Entries supplied>
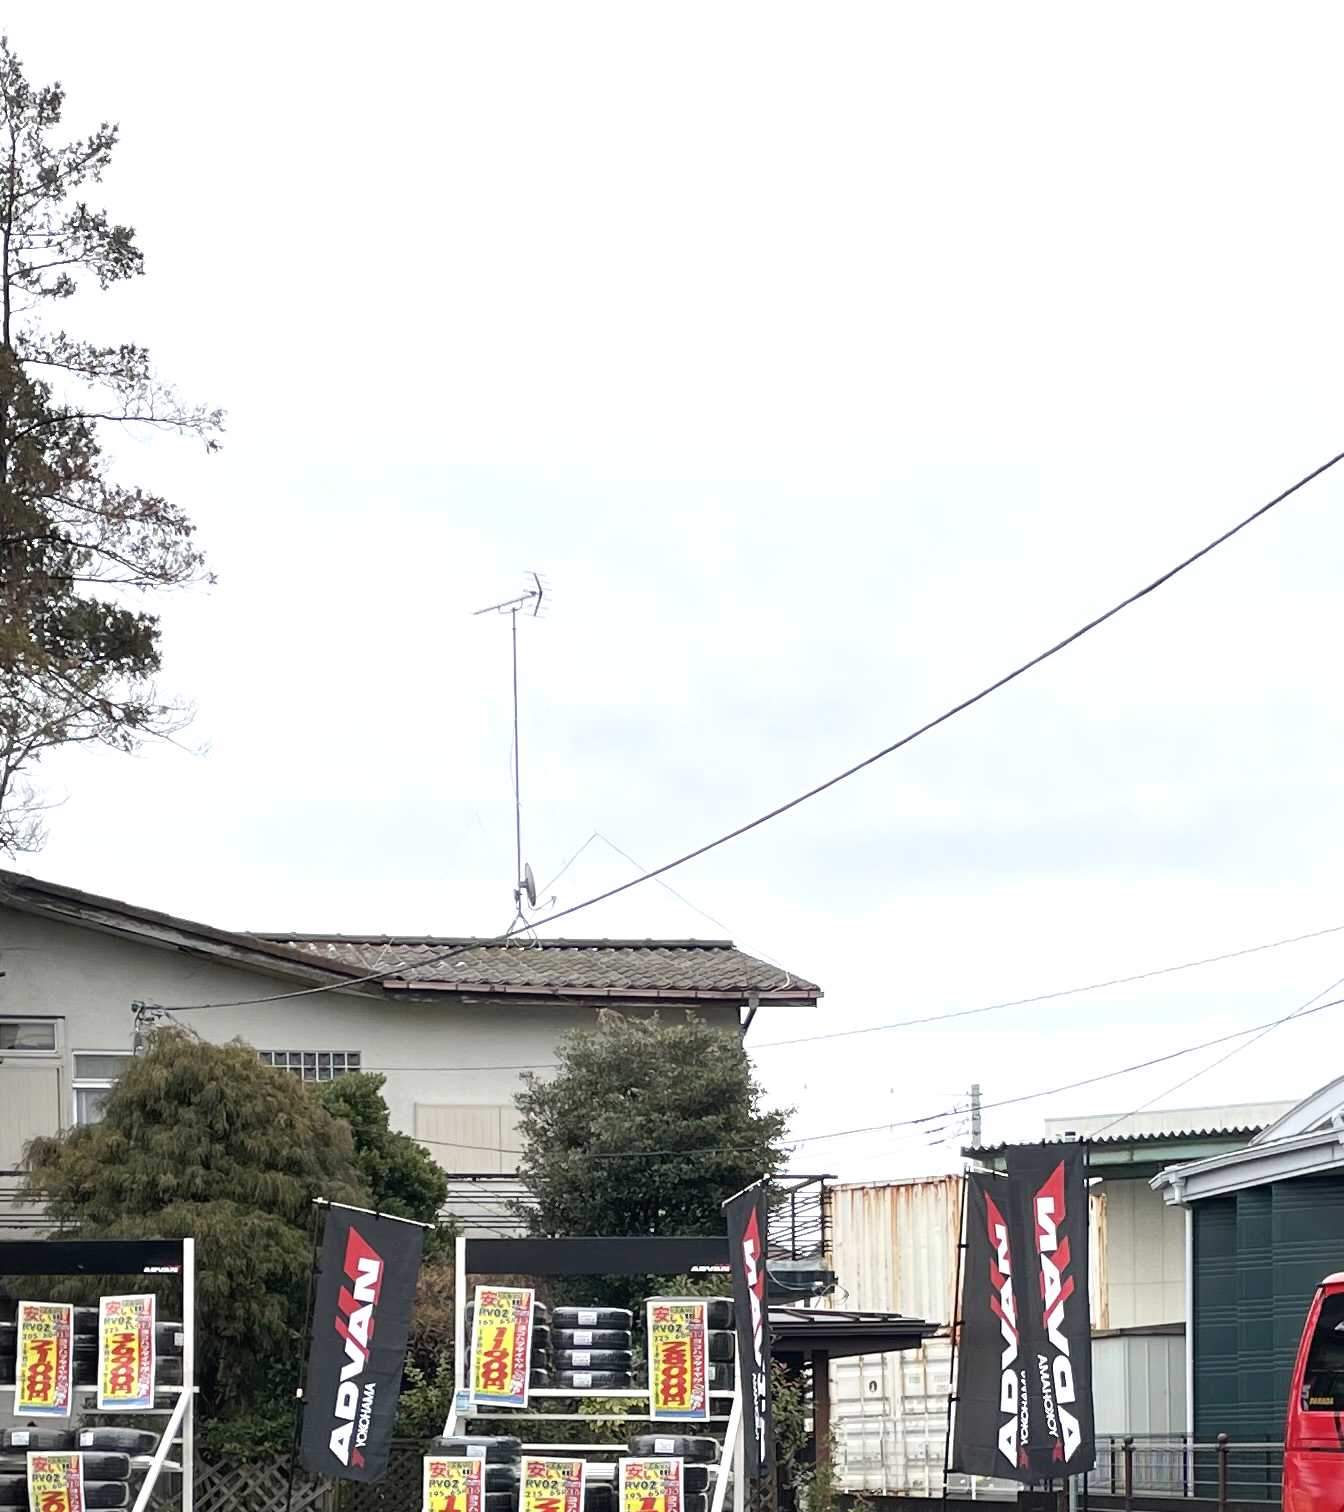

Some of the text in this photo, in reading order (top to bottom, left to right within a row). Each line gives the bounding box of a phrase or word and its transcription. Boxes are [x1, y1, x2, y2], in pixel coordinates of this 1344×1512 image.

[328, 1257, 383, 1467] ADVAN
[996, 1222, 1019, 1469] ADVAN
[355, 1382, 376, 1449] YOKOHAMA
[525, 1479, 558, 1489] RV02

Task goal>
Give the data again exactly. Keep the images out.

Task output>
Some of the text in this photo, in reading order (top to bottom, left to right within a row). Each line gives the bounding box of a phrase or word and its transcription. Boxes are [x1, y1, x2, y2], in pixel coordinates of this 1344×1512 image.

[328, 1257, 383, 1467] ADVAN
[996, 1222, 1019, 1469] ADVAN
[355, 1382, 376, 1449] YOKOHAMA
[525, 1479, 558, 1489] RV02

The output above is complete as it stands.